The move is part of efforts taken by democratic Poland after 1989 to recognize war heroes and anti-communist activists who were persecuted, killed and deliberately erased from records under four decades of communism imposed after the war.

A motion to have the graves moved within Warsaw's military Powazki cemetery, at the expense of the state, has been filed with the provincial governor, who will negotiate with families, Institute of National Remembrance spokesman Andrzej Arseniuk told The Associated Press on Monday.

He said that the primary concern is for the relatives of the slain heroes who are waiting to have them identified and properly buried.

"It is the duty of the Polish state toward these national heroes who were murdered, secretly buried and destined by the communists for oblivion, to give them back their names and proper burial sites where they could be honored," Arseniuk said.

The institute is searching for the remains of about 100 independence heroes, from among several hundred killed in a Warsaw prison and then dumped there between 1945 and 1956.

Across Poland, thousands of war-time resistance heroes who later opposed communism were tortured, killed, and secretly buried. A few of their persecutors were handed prison terms under democracy.

Remains of about 120 victims — entangled skeletons and shattered skulls — were discovered in 2012-2013 under a lawn in the Powazki cemetery. About 40 have been identified using relatives' DNA. Officials realized that more remains could be reached only by moving the new graves on top.
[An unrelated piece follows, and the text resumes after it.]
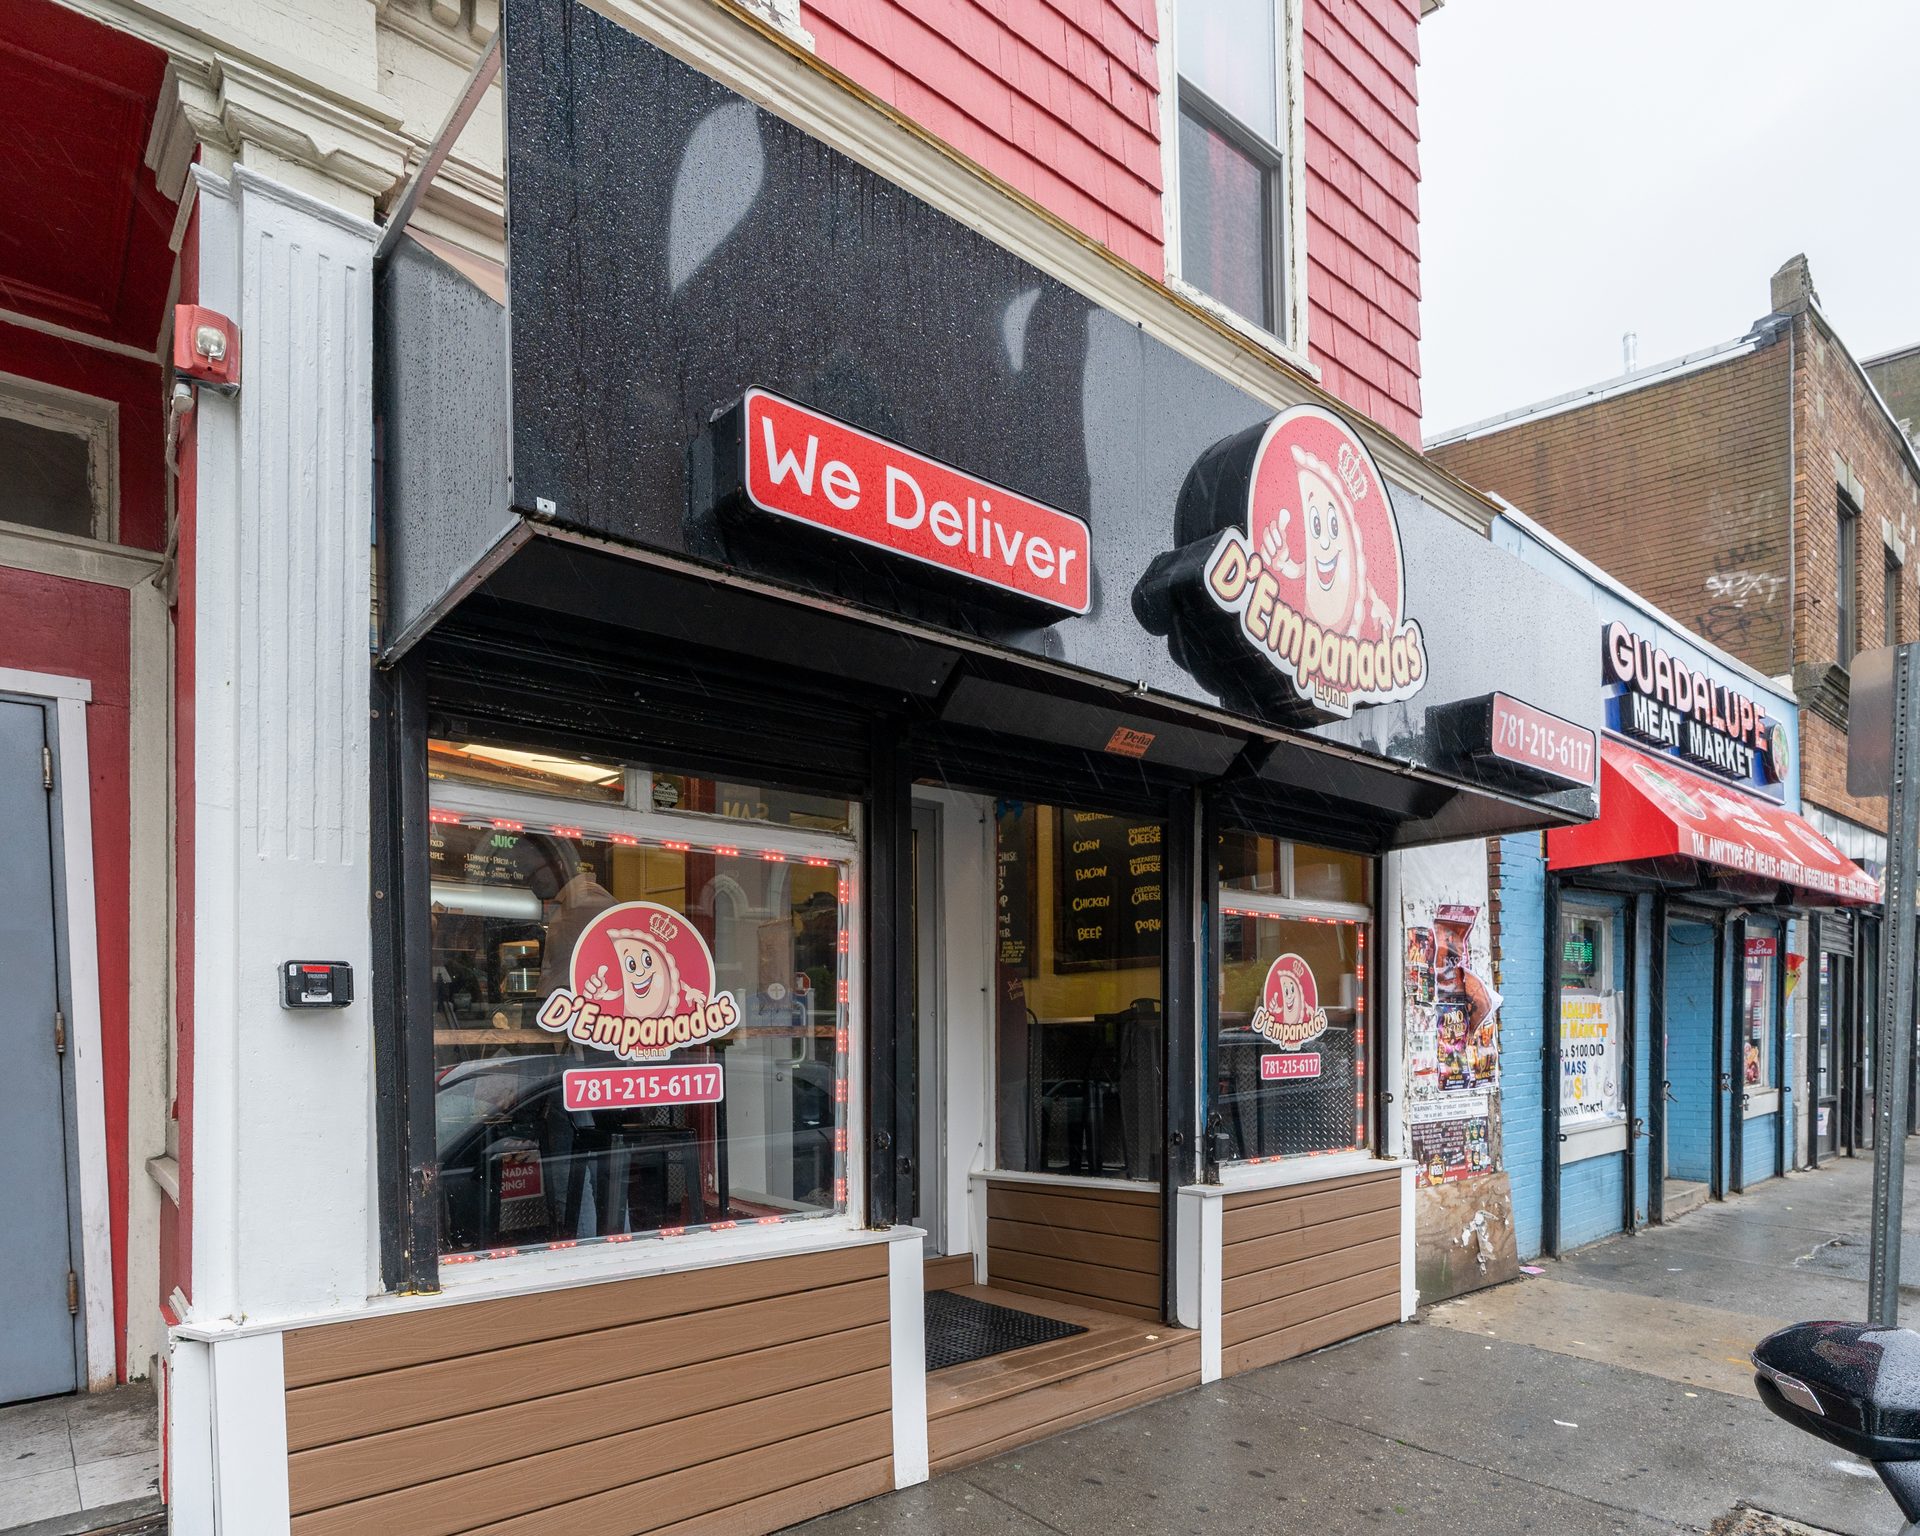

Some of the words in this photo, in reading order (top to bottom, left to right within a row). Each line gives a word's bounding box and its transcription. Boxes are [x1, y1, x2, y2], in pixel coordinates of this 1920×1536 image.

Among those missing are Capt. Witold Pilecki, who volunteered to be an Auschwitz inmate and smuggled out reports of atrocities there before fleeing, and Gen. August Fieldorf, deputy commander of Poland's war-time resistance Home Army.

Among the graves of various communist-era military figures, dating to the 1980s, is that of Lt. Col. Roman Kryze, a judge who contributed to Pilecki's 1948 death sentence.